* _Exercise data_:
==========

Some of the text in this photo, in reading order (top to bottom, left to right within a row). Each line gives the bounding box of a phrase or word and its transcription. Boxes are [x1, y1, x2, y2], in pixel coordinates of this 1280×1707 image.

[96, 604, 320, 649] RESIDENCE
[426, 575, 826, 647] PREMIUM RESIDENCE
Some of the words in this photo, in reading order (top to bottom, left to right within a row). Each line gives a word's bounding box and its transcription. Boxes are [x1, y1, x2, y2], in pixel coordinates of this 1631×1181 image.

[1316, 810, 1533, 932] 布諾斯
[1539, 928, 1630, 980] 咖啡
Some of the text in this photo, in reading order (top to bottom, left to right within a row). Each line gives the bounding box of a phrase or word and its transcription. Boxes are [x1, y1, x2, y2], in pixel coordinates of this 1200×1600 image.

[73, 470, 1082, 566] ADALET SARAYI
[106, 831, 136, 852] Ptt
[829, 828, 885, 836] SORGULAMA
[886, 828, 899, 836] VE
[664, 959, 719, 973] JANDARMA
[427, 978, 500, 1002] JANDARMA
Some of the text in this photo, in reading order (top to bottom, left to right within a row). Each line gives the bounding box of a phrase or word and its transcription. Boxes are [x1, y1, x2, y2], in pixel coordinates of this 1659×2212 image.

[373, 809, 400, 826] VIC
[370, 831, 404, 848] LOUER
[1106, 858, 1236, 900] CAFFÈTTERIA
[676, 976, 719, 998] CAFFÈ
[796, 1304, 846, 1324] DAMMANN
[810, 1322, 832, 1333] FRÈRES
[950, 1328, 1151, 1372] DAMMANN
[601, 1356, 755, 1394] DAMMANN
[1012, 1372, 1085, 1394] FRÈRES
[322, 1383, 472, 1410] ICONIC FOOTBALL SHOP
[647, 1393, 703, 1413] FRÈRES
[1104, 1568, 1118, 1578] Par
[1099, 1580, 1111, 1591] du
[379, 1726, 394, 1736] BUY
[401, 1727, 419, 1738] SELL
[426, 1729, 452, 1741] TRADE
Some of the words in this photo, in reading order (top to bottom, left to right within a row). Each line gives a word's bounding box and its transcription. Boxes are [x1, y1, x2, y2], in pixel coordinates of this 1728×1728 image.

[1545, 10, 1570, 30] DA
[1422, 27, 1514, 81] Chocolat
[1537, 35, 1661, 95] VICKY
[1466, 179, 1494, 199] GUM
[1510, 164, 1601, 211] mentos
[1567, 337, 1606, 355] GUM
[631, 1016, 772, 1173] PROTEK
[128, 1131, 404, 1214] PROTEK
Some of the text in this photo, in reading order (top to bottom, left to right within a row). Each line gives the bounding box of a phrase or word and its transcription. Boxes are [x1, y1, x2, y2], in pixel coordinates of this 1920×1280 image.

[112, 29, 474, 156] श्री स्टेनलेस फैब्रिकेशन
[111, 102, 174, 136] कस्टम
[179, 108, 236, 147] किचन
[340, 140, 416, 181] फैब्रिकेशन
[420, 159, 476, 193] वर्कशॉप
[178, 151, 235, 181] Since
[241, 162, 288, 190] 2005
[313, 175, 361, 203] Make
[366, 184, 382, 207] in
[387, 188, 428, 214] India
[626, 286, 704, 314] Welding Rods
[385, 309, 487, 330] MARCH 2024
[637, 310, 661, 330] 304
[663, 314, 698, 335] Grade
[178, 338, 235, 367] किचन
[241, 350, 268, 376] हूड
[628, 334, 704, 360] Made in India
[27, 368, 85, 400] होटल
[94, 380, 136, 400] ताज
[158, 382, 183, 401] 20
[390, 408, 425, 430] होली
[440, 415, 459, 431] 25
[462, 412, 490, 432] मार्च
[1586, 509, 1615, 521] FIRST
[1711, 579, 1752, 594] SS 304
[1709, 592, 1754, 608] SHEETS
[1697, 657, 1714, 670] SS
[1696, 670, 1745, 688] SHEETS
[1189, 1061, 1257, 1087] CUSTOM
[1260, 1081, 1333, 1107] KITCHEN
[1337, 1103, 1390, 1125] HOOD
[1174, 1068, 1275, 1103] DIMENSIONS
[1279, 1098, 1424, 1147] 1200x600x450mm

==========

* _Problem statement_:
Would you retype all of the data exactly as shown?

* _Your solution_:
Some of the text in this photo, in reading order (top to bottom, left to right within a row). Each line gives the bounding box of a phrase or word and its transcription. Boxes are [x1, y1, x2, y2], in pixel coordinates of this 1280×1707 image.

[96, 604, 320, 649] RESIDENCE
[426, 575, 826, 647] PREMIUM RESIDENCE
Some of the words in this photo, in reading order (top to bottom, left to right within a row). Each line gives a word's bounding box and its transcription. Boxes are [x1, y1, x2, y2], in pixel coordinates of this 1631×1181 image.

[1316, 810, 1533, 932] 布諾斯
[1539, 928, 1630, 980] 咖啡
Some of the text in this photo, in reading order (top to bottom, left to right within a row). Each line gives the bounding box of a phrase or word and its transcription. Boxes are [x1, y1, x2, y2], in pixel coordinates of this 1200×1600 image.

[73, 470, 1082, 566] ADALET SARAYI
[106, 831, 136, 852] Ptt
[829, 828, 885, 836] SORGULAMA
[886, 828, 899, 836] VE
[664, 959, 719, 973] JANDARMA
[427, 978, 500, 1002] JANDARMA
Some of the text in this photo, in reading order (top to bottom, left to right within a row). Each line gives the bounding box of a phrase or word and its transcription. Boxes are [x1, y1, x2, y2], in pixel coordinates of this 1659×2212 image.

[373, 809, 400, 826] VIC
[370, 831, 404, 848] LOUER
[1106, 858, 1236, 900] CAFFÈTTERIA
[676, 976, 719, 998] CAFFÈ
[796, 1304, 846, 1324] DAMMANN
[810, 1322, 832, 1333] FRÈRES
[950, 1328, 1151, 1372] DAMMANN
[601, 1356, 755, 1394] DAMMANN
[1012, 1372, 1085, 1394] FRÈRES
[322, 1383, 472, 1410] ICONIC FOOTBALL SHOP
[647, 1393, 703, 1413] FRÈRES
[1104, 1568, 1118, 1578] Par
[1099, 1580, 1111, 1591] du
[379, 1726, 394, 1736] BUY
[401, 1727, 419, 1738] SELL
[426, 1729, 452, 1741] TRADE
Some of the words in this photo, in reading order (top to bottom, left to right within a row). Each line gives a word's bounding box and its transcription. Boxes are [x1, y1, x2, y2], in pixel coordinates of this 1728×1728 image.

[1545, 10, 1570, 30] DA
[1422, 27, 1514, 81] Chocolat
[1537, 35, 1661, 95] VICKY
[1466, 179, 1494, 199] GUM
[1510, 164, 1601, 211] mentos
[1567, 337, 1606, 355] GUM
[631, 1016, 772, 1173] PROTEK
[128, 1131, 404, 1214] PROTEK
Some of the text in this photo, in reading order (top to bottom, left to right within a row). Each line gives the bounding box of a phrase or word and its transcription. Boxes are [x1, y1, x2, y2], in pixel coordinates of this 1920×1280 image.

[112, 29, 474, 156] श्री स्टेनलेस फैब्रिकेशन
[111, 102, 174, 136] कस्टम
[179, 108, 236, 147] किचन
[340, 140, 416, 181] फैब्रिकेशन
[420, 159, 476, 193] वर्कशॉप
[178, 151, 235, 181] Since
[241, 162, 288, 190] 2005
[313, 175, 361, 203] Make
[366, 184, 382, 207] in
[387, 188, 428, 214] India
[626, 286, 704, 314] Welding Rods
[385, 309, 487, 330] MARCH 2024
[637, 310, 661, 330] 304
[663, 314, 698, 335] Grade
[178, 338, 235, 367] किचन
[241, 350, 268, 376] हूड
[628, 334, 704, 360] Made in India
[27, 368, 85, 400] होटल
[94, 380, 136, 400] ताज
[158, 382, 183, 401] 20
[390, 408, 425, 430] होली
[440, 415, 459, 431] 25
[462, 412, 490, 432] मार्च
[1586, 509, 1615, 521] FIRST
[1711, 579, 1752, 594] SS 304
[1709, 592, 1754, 608] SHEETS
[1697, 657, 1714, 670] SS
[1696, 670, 1745, 688] SHEETS
[1189, 1061, 1257, 1087] CUSTOM
[1260, 1081, 1333, 1107] KITCHEN
[1337, 1103, 1390, 1125] HOOD
[1174, 1068, 1275, 1103] DIMENSIONS
[1279, 1098, 1424, 1147] 1200x600x450mm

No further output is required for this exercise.